2009 FIFA Beach Soccer World Cup Final
- Event: 2009 FIFA Beach Soccer World Cup
| Brazil | Switzerland |
| Brazil | Switzerland |
| 10 | 5 |
- Date: 22 November 2009
- Venue: Jumeirah Beach, Dubai
- Referee: Rubén Eiriz (Spain)
- Attendance: 6,000

= 2009 FIFA Beach Soccer World Cup final =

The 2009 FIFA Beach Soccer World Cup Final took place between Switzerland and Brazil on 22 November 2009 at Jumeirah Beach, Dubai. Brazil were the winners, winning by ten goals to five. Brazil have beaten fifteen other teams to be crowned FIFA Beach Soccer World Cup 2009 Winners. It was Brazil's fourth title in a row.

==Roads to the final==

===Switzerland===
Switzerland started their campaign in group D, along with winners Brazil, with a close win against the Bahrain, winning 6–5. Switzerland confirmed their place in the quarter-finals by beating Nigeria in their second game 7-2 and taking themselves up to 6 points. In Switzerland's final they lost 4–2 to Brazil suggesting a Brazil win for the final. Therefore, Switzerland finished second in group D.
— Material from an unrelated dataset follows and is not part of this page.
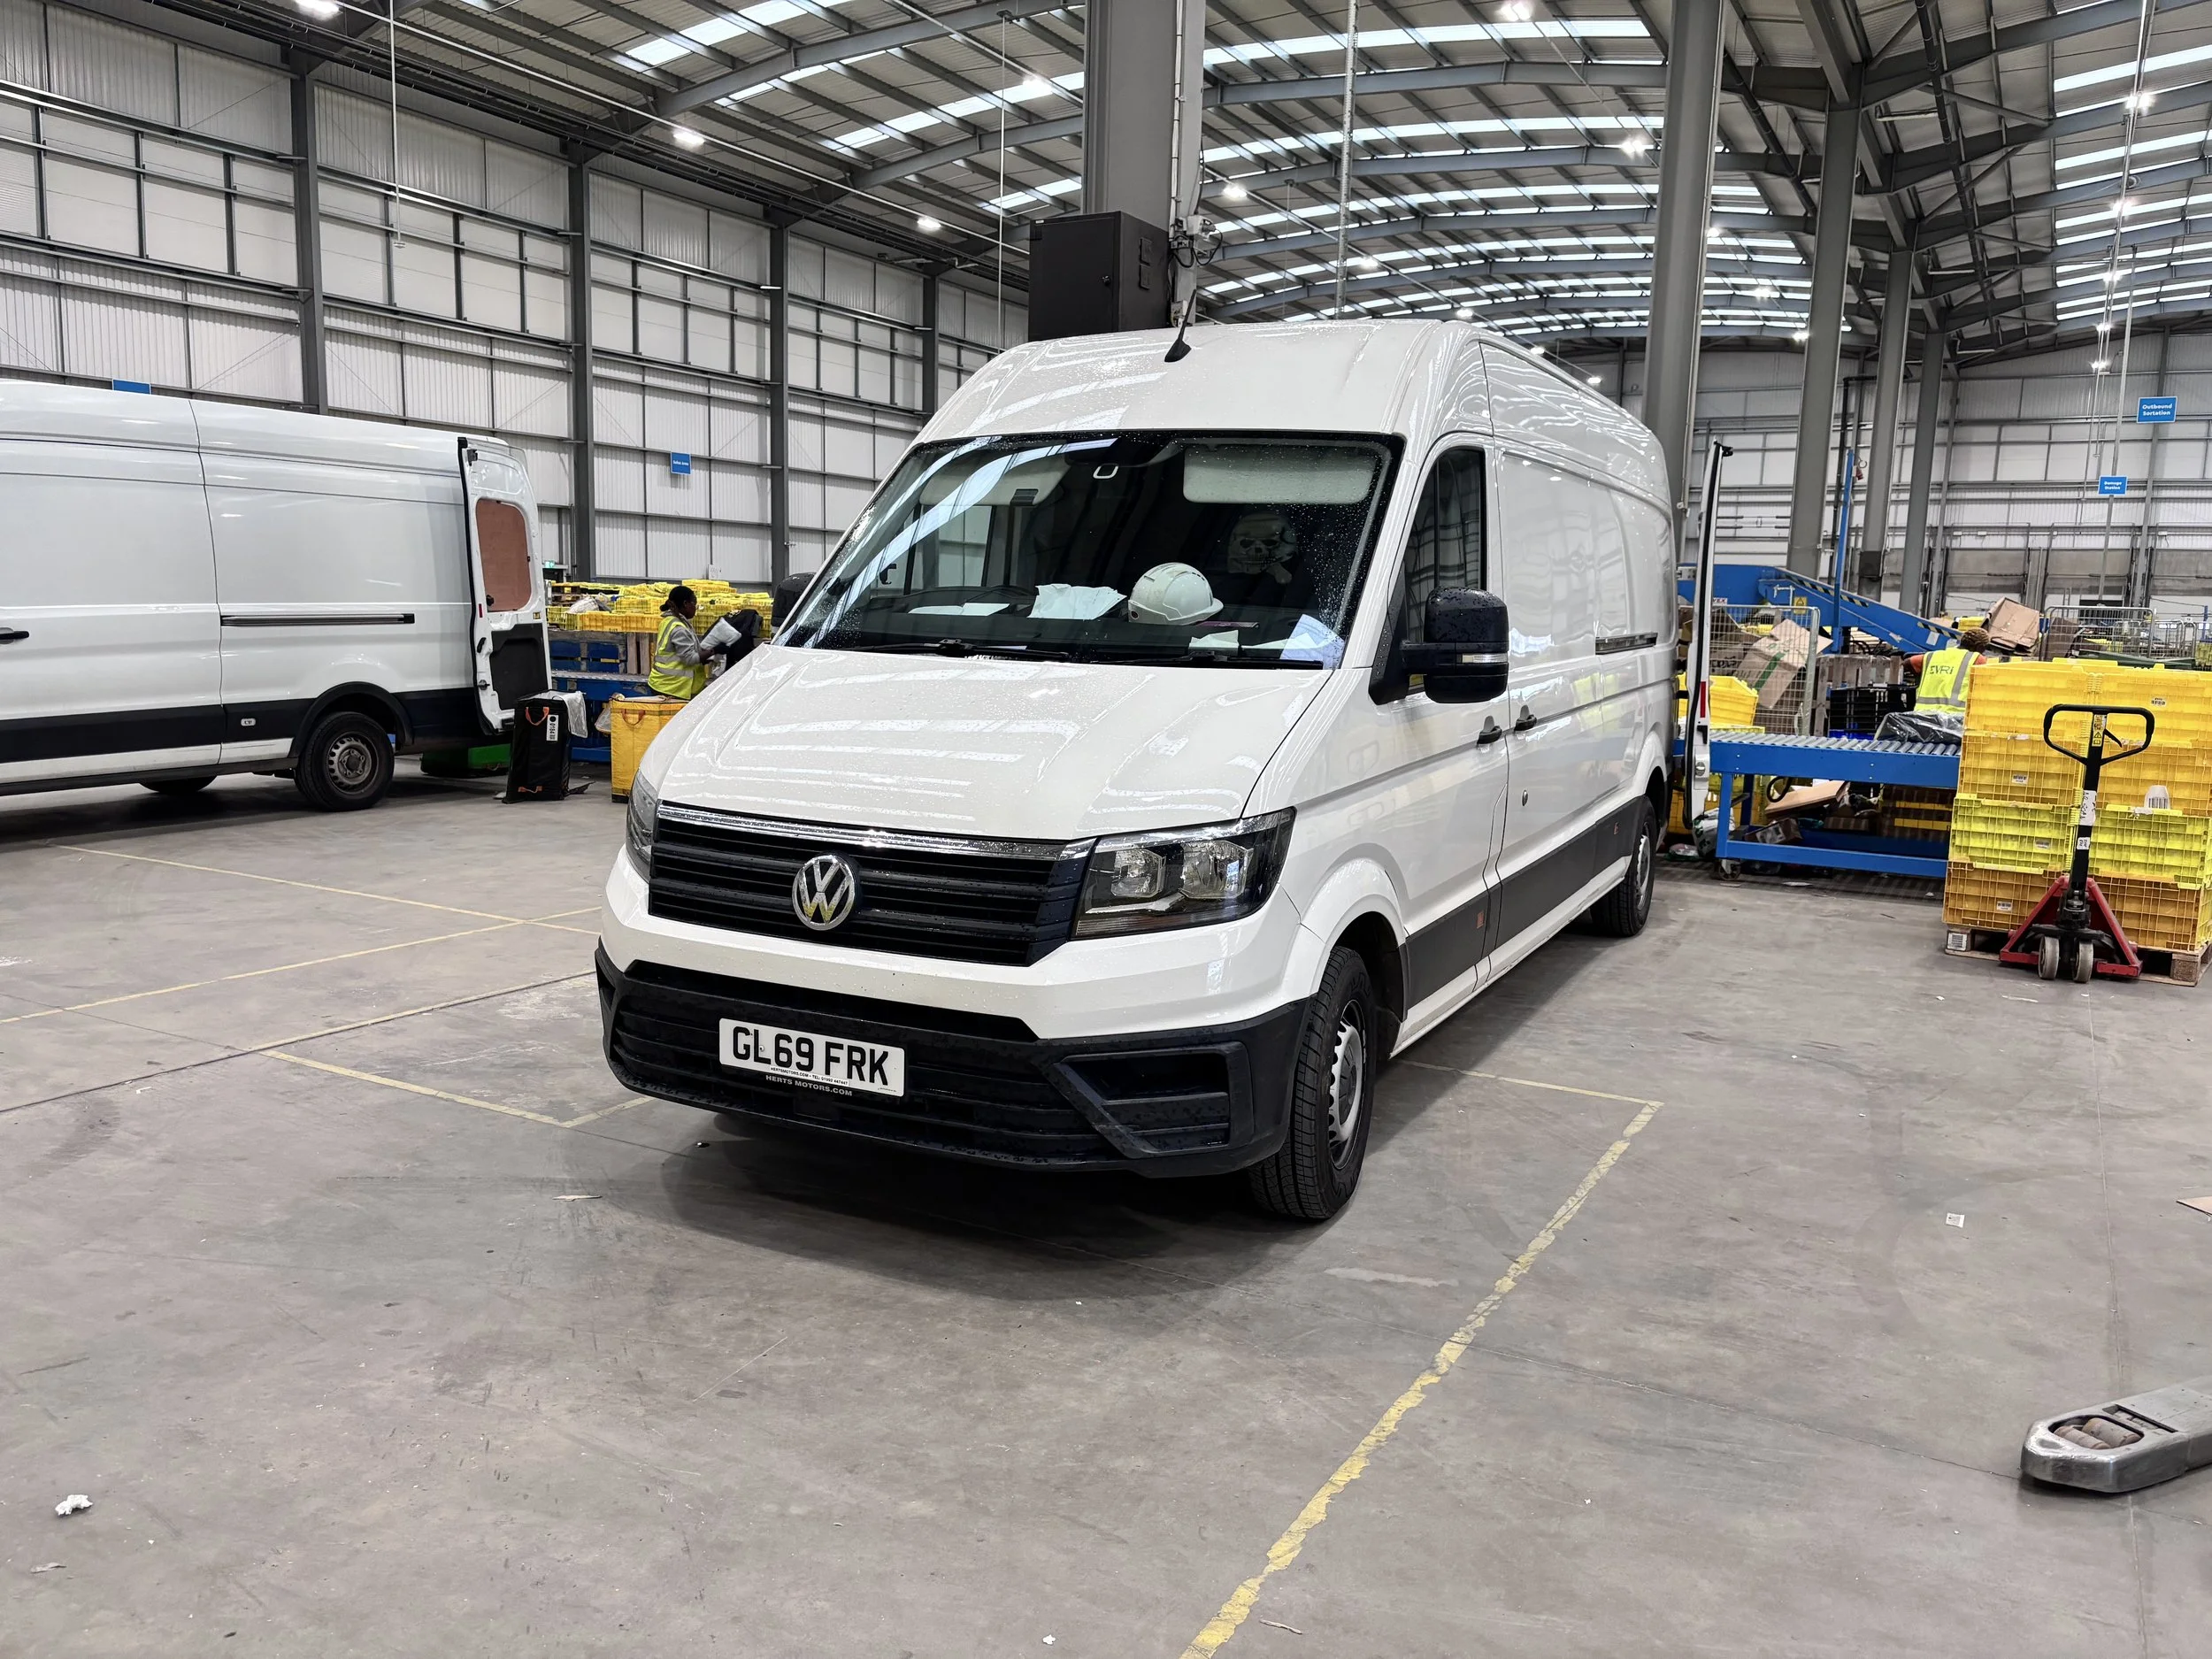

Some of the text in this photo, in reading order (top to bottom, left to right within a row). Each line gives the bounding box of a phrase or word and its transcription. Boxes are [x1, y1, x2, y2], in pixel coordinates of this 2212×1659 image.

[733, 1025, 889, 1086] GL69 FRK
[765, 1074, 853, 1096] HERTS MOTORS.COM
| Team | Pld | W | W+ | L | GF | GA | GD | Pts |
|---|---|---|---|---|---|---|---|---|
| Brazil | 3 | 3 | 0 | 0 | 23 | 8 | +15 | 9 |
| Switzerland | 3 | 2 | 0 | 1 | 15 | 11 | +4 | 6 |
| Nigeria | 3 | 1 | 0 | 2 | 16 | 21 | –5 | 3 |
| Bahrain | 3 | 0 | 0 | 3 | 9 | 23 | –14 | 0 |

As Switzerland were the runners-up of group B, they met the winners of group C, Russia in the quarter-finals. The game was closely tied but Switzerland sealed their victory with a late goal to win 4–2. This saw Switzerland move on to play Uruguay national beach soccer team in the semi-finals.
The semi-final was a stronger performance by the Swiss. Going into the third period with a 4–1 lead, they never looked like the team that would lose and despite Uruguay's best efforts, they never even got back on level terms allowing Switzerland to win 7-4 and move on comfortably into the final against 12-time winners, Brazil.

===Brazil===
Brazil started their world cup campaign as defending champions, in group D, along with Switzerland, comfortably beating Nigeria 11–5, with a hat-trick from Bruno and seven different scorers in all. Brazil continued to perform with an 8–1 win against Bahrain, the same result as against Japan at this stage of the competition in 2008, with Buru this time claiming four goals. Finally, Brazil finished off with a decent 4–2 win against Switzerland, who they would eventually beat in the final, finishing on top of the group with 9 points.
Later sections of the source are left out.